Romney, MS, and the Stakes of the Campaign

A new internet video from the Romney campaign focuses on Ann Romney’s diagnosis with Multiple Sclerosis and how it affected the rest of the family. The ad’s apparent purpose is to humanize Romney—to portray him as a sympathetic, loving husband. That's just fine. MS is a serious, life-altering diagnosis and Romney is, by all accounts, a devoted family man. If telling people about this part of Romney's life makes him seem less aloof or more sensitive, I have no problem with that. The video is genuinely moving and, in a classy touch, it closes with a link for donations to the National Multiple Sclerosis Society.

But if you have MS, or any other serious chronic illness, you need more than a devoted spouse. You need a way to pay your medical bills. And, historically, many people with MS have struggled with that. MS is a long-term, progressively debilitating disease, requiring ever more costly treatments and equipment. The bills are high enough that even patients with private insurance have struggled with out-of-pocket expenses or run up against annual or lifetime limits on payments. And those patients have been, in some respects, the lucky ones. People who buy coverage on their own or through small businesses frequently end up with exorbitant rates or skimpy benefits, or can’t get coverage at all. Those are just some of the reasons the MS Society has long supported reforms that would, among other things, provide “comprehensive, quality health care available to all.”

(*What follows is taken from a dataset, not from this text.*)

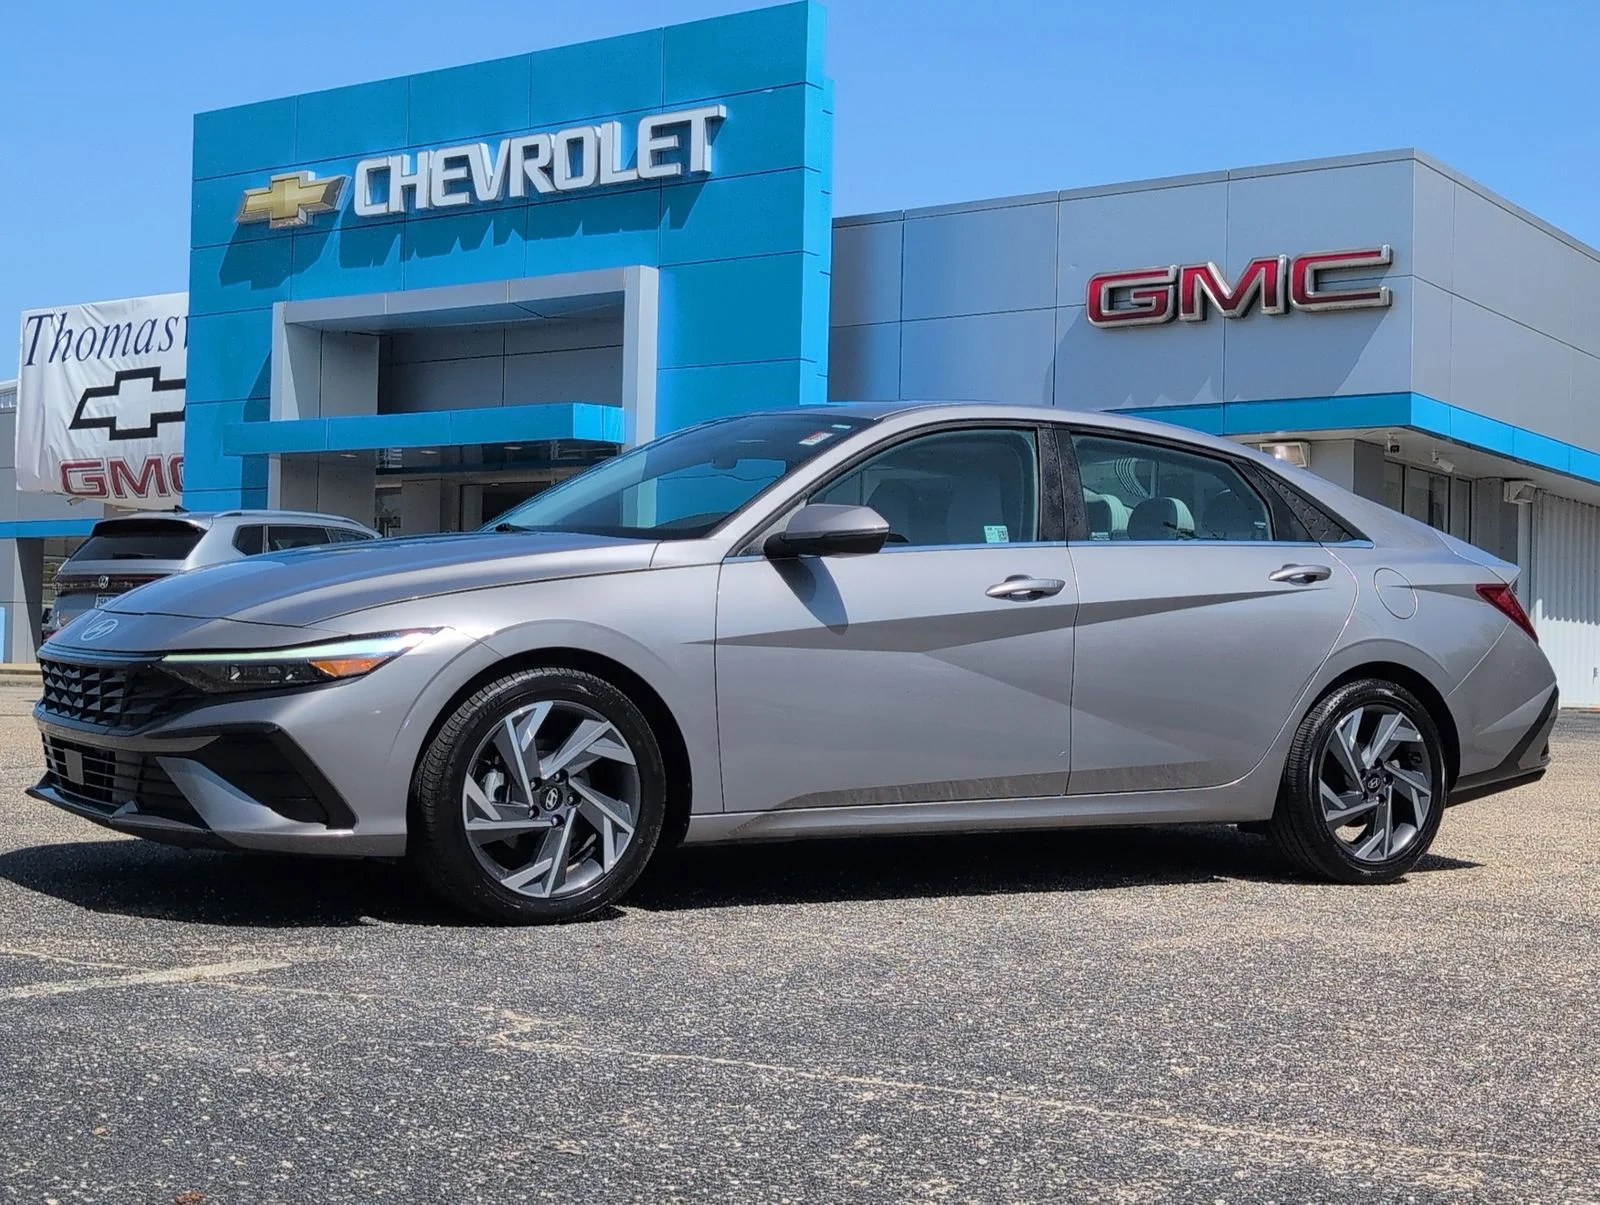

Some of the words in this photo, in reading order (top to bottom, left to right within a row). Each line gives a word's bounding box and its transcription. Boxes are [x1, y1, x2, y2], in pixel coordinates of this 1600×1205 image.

My friend and frequent collaborator Harold Pollack, from the University of Chicago, wrote about this a few weeks ago for healthinsurance.org:

In 2008, I happened to speak at the National Multiple Sclerosis Society’s annual meeting. I was touting health reform. This was a large, friendly crowd. Afterwards, an older gentleman hobbled over. Leaning on a huge antique walking stick, he recounted a host of complex medical and financial difficulties he faced with this painful disease.

MS is financially punishing for so many people who lack economic resources or insurance that really covers a complex chronic disease. A heartbreaking NPR story compared the experiences of two MS patients: one in Great Britain, and one in the United States. I’ll let you guess which one was driven to split his pills, became medically uninsured, qualified for disability but fell into the two-year Medicare waiting period, lost his home, and went bankrupt. Economic hardship and financial barriers to appropriate care are common among MS patients across the United States.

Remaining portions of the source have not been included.